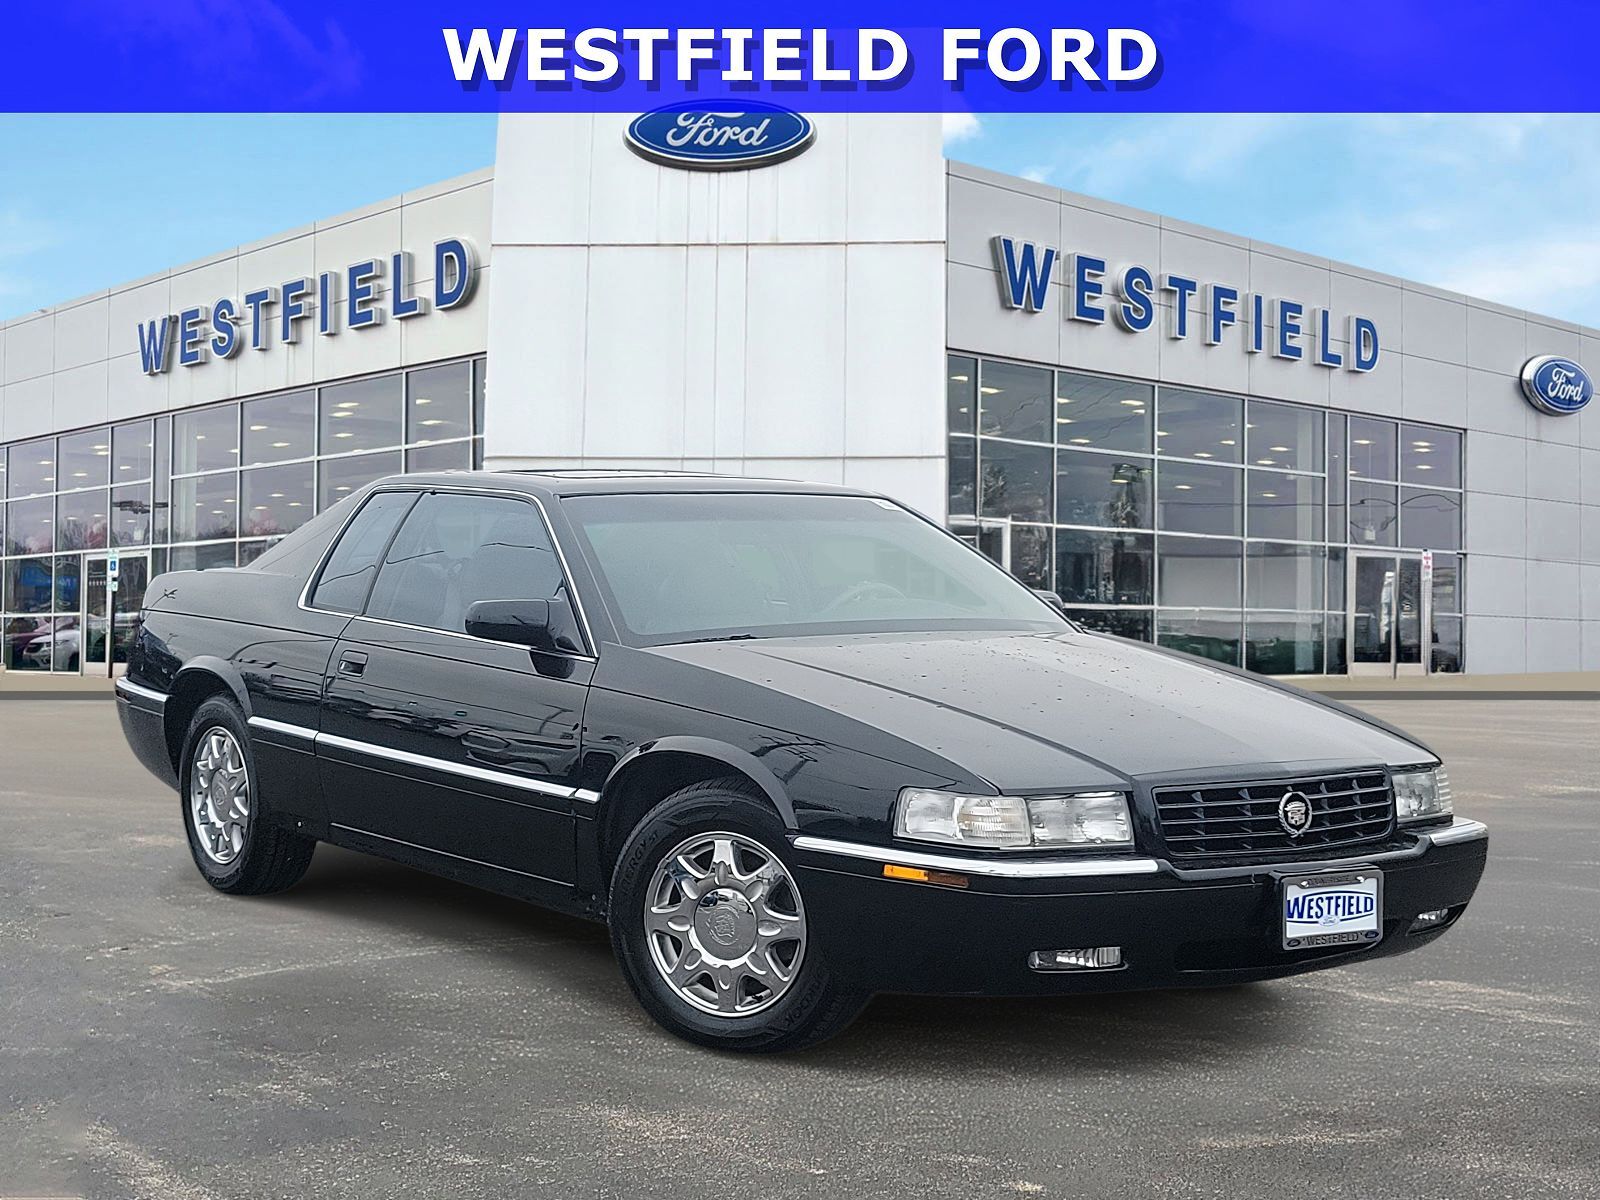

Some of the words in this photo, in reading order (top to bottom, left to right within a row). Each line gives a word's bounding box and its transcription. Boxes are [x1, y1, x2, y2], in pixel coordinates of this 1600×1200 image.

[666, 111, 771, 147] Ford
[137, 238, 474, 376] WESTFIELD
[992, 235, 1379, 373] WESTFIELD
[1547, 367, 1585, 402] Ford
[1286, 895, 1374, 919] WESTFIELD
[1307, 932, 1359, 946] WESTFIELD
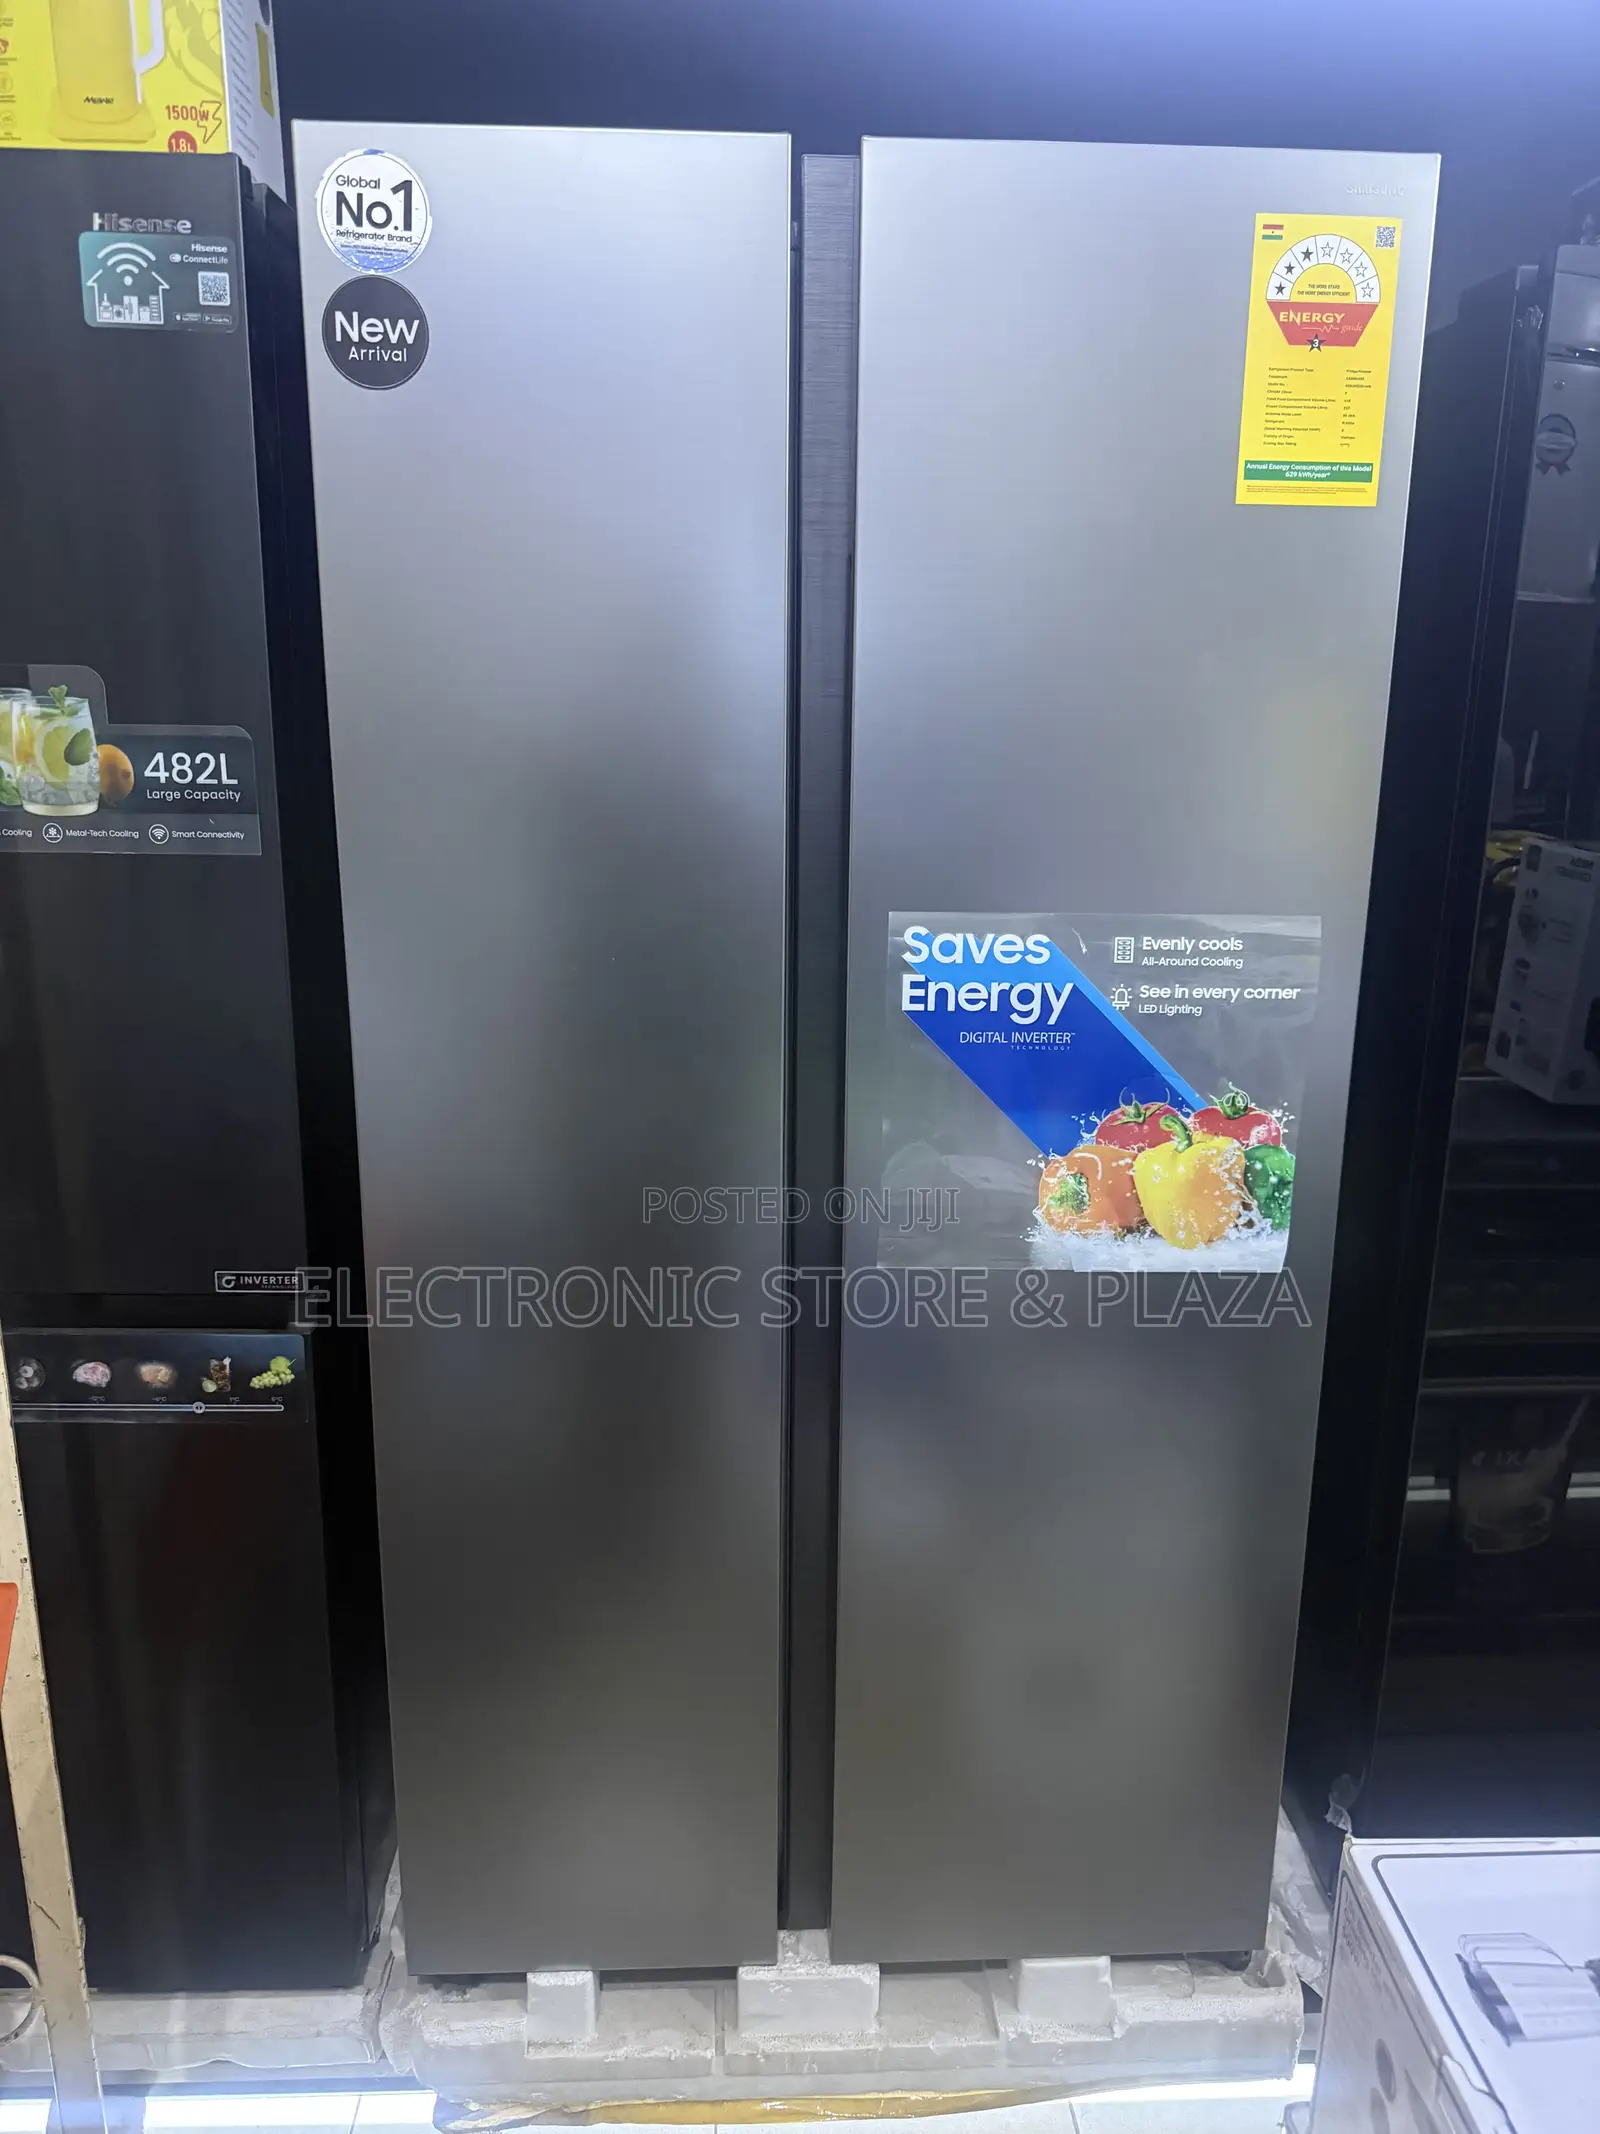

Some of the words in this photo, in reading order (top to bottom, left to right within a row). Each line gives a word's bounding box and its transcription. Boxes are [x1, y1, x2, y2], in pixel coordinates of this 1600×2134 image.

[336, 174, 380, 189] Global
[92, 212, 192, 234] Hisense
[336, 229, 386, 241] Refrigerator
[387, 233, 412, 243] Brand
[191, 243, 227, 253] Hisense
[183, 254, 228, 264] ConnectLife
[335, 310, 419, 345] New
[1313, 339, 1319, 348] 3
[348, 345, 408, 362] Arrival
[1246, 462, 1268, 470] Annual
[1268, 463, 1290, 471] Energy
[1291, 463, 1331, 472] Consumption
[1340, 464, 1352, 472] this
[1285, 470, 1297, 478] 629
[143, 752, 239, 785] 482L
[146, 789, 181, 802] Large
[184, 789, 241, 803] Capacity
[2, 828, 33, 838] Cooling
[66, 829, 108, 837] Metal-Tech
[109, 829, 140, 839] Cooling
[171, 830, 195, 838] Smart
[196, 830, 245, 840] Connectivity
[901, 925, 1051, 965] Saves
[1142, 936, 1196, 955] Evenly
[1198, 937, 1244, 951] cools
[1142, 956, 1199, 967] All-Around
[1201, 957, 1244, 970] Cooling
[901, 973, 1074, 1025] Energy
[1139, 984, 1172, 999] See
[1175, 984, 1188, 999] in
[1192, 987, 1240, 1003] every
[1244, 987, 1301, 1000] corner
[1138, 1004, 1157, 1014] LED
[1159, 1004, 1202, 1016] Lighting
[959, 1031, 1008, 1044] DIGITAL
[240, 1275, 299, 1285] INVERTER
--------------------
What is needed here is each line above set down word for word, minus the images.

§ Your solution:
Some of the words in this photo, in reading order (top to bottom, left to right within a row). Each line gives a word's bounding box and its transcription. Boxes are [x1, y1, x2, y2], in pixel coordinates of this 1600×1200 image.

[666, 111, 771, 147] Ford
[137, 238, 474, 376] WESTFIELD
[992, 235, 1379, 373] WESTFIELD
[1547, 367, 1585, 402] Ford
[1286, 895, 1374, 919] WESTFIELD
[1307, 932, 1359, 946] WESTFIELD

Some of the words in this photo, in reading order (top to bottom, left to right within a row). Each line gives a word's bounding box and its transcription. Boxes are [x1, y1, x2, y2], in pixel coordinates of this 1600×2134 image.

[336, 174, 380, 189] Global
[92, 212, 192, 234] Hisense
[336, 229, 386, 241] Refrigerator
[387, 233, 412, 243] Brand
[191, 243, 227, 253] Hisense
[183, 254, 228, 264] ConnectLife
[335, 310, 419, 345] New
[1313, 339, 1319, 348] 3
[348, 345, 408, 362] Arrival
[1246, 462, 1268, 470] Annual
[1268, 463, 1290, 471] Energy
[1291, 463, 1331, 472] Consumption
[1340, 464, 1352, 472] this
[1285, 470, 1297, 478] 629
[143, 752, 239, 785] 482L
[146, 789, 181, 802] Large
[184, 789, 241, 803] Capacity
[2, 828, 33, 838] Cooling
[66, 829, 108, 837] Metal-Tech
[109, 829, 140, 839] Cooling
[171, 830, 195, 838] Smart
[196, 830, 245, 840] Connectivity
[901, 925, 1051, 965] Saves
[1142, 936, 1196, 955] Evenly
[1198, 937, 1244, 951] cools
[1142, 956, 1199, 967] All-Around
[1201, 957, 1244, 970] Cooling
[901, 973, 1074, 1025] Energy
[1139, 984, 1172, 999] See
[1175, 984, 1188, 999] in
[1192, 987, 1240, 1003] every
[1244, 987, 1301, 1000] corner
[1138, 1004, 1157, 1014] LED
[1159, 1004, 1202, 1016] Lighting
[959, 1031, 1008, 1044] DIGITAL
[240, 1275, 299, 1285] INVERTER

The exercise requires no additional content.